• **WHAT TO PRODUCE**:
Your task is to output the data exactly as it stands.

• **INPUT DATA**:
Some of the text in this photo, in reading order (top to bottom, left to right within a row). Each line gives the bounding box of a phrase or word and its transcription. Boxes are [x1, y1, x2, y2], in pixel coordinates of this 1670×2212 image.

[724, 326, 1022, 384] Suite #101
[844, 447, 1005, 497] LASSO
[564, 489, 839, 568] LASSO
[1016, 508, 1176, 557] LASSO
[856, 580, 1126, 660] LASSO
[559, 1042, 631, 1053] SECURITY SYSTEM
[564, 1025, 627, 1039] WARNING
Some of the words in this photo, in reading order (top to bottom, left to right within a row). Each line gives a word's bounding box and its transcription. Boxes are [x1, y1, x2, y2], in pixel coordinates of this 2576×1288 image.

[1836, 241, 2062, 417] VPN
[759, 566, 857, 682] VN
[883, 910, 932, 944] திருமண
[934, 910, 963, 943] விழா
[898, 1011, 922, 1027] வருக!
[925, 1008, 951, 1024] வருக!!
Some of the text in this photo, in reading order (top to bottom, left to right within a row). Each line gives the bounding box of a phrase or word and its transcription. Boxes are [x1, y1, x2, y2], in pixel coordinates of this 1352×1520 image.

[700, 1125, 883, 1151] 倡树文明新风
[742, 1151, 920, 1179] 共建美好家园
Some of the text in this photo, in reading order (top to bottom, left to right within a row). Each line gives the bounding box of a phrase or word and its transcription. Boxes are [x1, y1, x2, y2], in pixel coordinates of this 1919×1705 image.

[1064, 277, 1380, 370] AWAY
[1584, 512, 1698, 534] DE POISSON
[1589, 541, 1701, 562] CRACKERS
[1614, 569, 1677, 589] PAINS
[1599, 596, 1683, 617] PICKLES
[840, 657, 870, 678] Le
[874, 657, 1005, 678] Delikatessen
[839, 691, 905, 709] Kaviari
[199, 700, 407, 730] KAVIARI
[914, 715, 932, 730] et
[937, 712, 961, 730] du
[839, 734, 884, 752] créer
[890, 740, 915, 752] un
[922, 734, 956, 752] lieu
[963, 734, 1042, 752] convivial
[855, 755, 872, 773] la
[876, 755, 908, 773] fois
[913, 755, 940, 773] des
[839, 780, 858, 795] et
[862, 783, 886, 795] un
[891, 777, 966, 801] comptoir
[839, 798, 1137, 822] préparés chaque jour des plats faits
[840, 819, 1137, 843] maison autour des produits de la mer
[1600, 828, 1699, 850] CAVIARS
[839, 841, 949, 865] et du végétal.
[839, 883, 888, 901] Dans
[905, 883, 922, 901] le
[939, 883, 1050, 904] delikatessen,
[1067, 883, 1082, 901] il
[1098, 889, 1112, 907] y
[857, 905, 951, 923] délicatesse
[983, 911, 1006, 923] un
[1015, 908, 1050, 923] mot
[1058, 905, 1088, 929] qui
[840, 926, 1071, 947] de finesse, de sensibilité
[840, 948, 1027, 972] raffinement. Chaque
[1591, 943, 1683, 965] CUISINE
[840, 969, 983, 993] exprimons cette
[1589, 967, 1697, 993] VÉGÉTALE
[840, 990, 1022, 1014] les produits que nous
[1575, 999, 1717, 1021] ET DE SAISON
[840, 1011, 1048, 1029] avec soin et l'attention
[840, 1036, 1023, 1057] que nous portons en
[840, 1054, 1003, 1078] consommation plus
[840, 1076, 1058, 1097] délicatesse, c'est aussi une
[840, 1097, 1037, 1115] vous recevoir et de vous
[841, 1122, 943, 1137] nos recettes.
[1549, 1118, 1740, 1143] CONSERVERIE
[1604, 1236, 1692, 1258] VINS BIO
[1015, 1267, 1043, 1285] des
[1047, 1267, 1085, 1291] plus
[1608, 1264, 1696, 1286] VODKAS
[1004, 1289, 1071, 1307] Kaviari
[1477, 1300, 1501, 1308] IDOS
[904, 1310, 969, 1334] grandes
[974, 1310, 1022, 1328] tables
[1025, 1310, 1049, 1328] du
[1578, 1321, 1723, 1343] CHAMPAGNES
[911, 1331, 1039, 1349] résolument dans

• **ANSWER SECTION**:
Some of the text in this photo, in reading order (top to bottom, left to right within a row). Each line gives the bounding box of a phrase or word and its transcription. Boxes are [x1, y1, x2, y2], in pixel coordinates of this 1670×2212 image.

[724, 326, 1022, 384] Suite #101
[844, 447, 1005, 497] LASSO
[564, 489, 839, 568] LASSO
[1016, 508, 1176, 557] LASSO
[856, 580, 1126, 660] LASSO
[559, 1042, 631, 1053] SECURITY SYSTEM
[564, 1025, 627, 1039] WARNING
Some of the words in this photo, in reading order (top to bottom, left to right within a row). Each line gives a word's bounding box and its transcription. Boxes are [x1, y1, x2, y2], in pixel coordinates of this 2576×1288 image.

[1836, 241, 2062, 417] VPN
[759, 566, 857, 682] VN
[883, 910, 932, 944] திருமண
[934, 910, 963, 943] விழா
[898, 1011, 922, 1027] வருக!
[925, 1008, 951, 1024] வருக!!
Some of the text in this photo, in reading order (top to bottom, left to right within a row). Each line gives the bounding box of a phrase or word and its transcription. Boxes are [x1, y1, x2, y2], in pixel coordinates of this 1352×1520 image.

[700, 1125, 883, 1151] 倡树文明新风
[742, 1151, 920, 1179] 共建美好家园
Some of the text in this photo, in reading order (top to bottom, left to right within a row). Each line gives the bounding box of a phrase or word and its transcription. Boxes are [x1, y1, x2, y2], in pixel coordinates of this 1919×1705 image.

[1064, 277, 1380, 370] AWAY
[1584, 512, 1698, 534] DE POISSON
[1589, 541, 1701, 562] CRACKERS
[1614, 569, 1677, 589] PAINS
[1599, 596, 1683, 617] PICKLES
[840, 657, 870, 678] Le
[874, 657, 1005, 678] Delikatessen
[839, 691, 905, 709] Kaviari
[199, 700, 407, 730] KAVIARI
[914, 715, 932, 730] et
[937, 712, 961, 730] du
[839, 734, 884, 752] créer
[890, 740, 915, 752] un
[922, 734, 956, 752] lieu
[963, 734, 1042, 752] convivial
[855, 755, 872, 773] la
[876, 755, 908, 773] fois
[913, 755, 940, 773] des
[839, 780, 858, 795] et
[862, 783, 886, 795] un
[891, 777, 966, 801] comptoir
[839, 798, 1137, 822] préparés chaque jour des plats faits
[840, 819, 1137, 843] maison autour des produits de la mer
[1600, 828, 1699, 850] CAVIARS
[839, 841, 949, 865] et du végétal.
[839, 883, 888, 901] Dans
[905, 883, 922, 901] le
[939, 883, 1050, 904] delikatessen,
[1067, 883, 1082, 901] il
[1098, 889, 1112, 907] y
[857, 905, 951, 923] délicatesse
[983, 911, 1006, 923] un
[1015, 908, 1050, 923] mot
[1058, 905, 1088, 929] qui
[840, 926, 1071, 947] de finesse, de sensibilité
[840, 948, 1027, 972] raffinement. Chaque
[1591, 943, 1683, 965] CUISINE
[840, 969, 983, 993] exprimons cette
[1589, 967, 1697, 993] VÉGÉTALE
[840, 990, 1022, 1014] les produits que nous
[1575, 999, 1717, 1021] ET DE SAISON
[840, 1011, 1048, 1029] avec soin et l'attention
[840, 1036, 1023, 1057] que nous portons en
[840, 1054, 1003, 1078] consommation plus
[840, 1076, 1058, 1097] délicatesse, c'est aussi une
[840, 1097, 1037, 1115] vous recevoir et de vous
[841, 1122, 943, 1137] nos recettes.
[1549, 1118, 1740, 1143] CONSERVERIE
[1604, 1236, 1692, 1258] VINS BIO
[1015, 1267, 1043, 1285] des
[1047, 1267, 1085, 1291] plus
[1608, 1264, 1696, 1286] VODKAS
[1004, 1289, 1071, 1307] Kaviari
[1477, 1300, 1501, 1308] IDOS
[904, 1310, 969, 1334] grandes
[974, 1310, 1022, 1328] tables
[1025, 1310, 1049, 1328] du
[1578, 1321, 1723, 1343] CHAMPAGNES
[911, 1331, 1039, 1349] résolument dans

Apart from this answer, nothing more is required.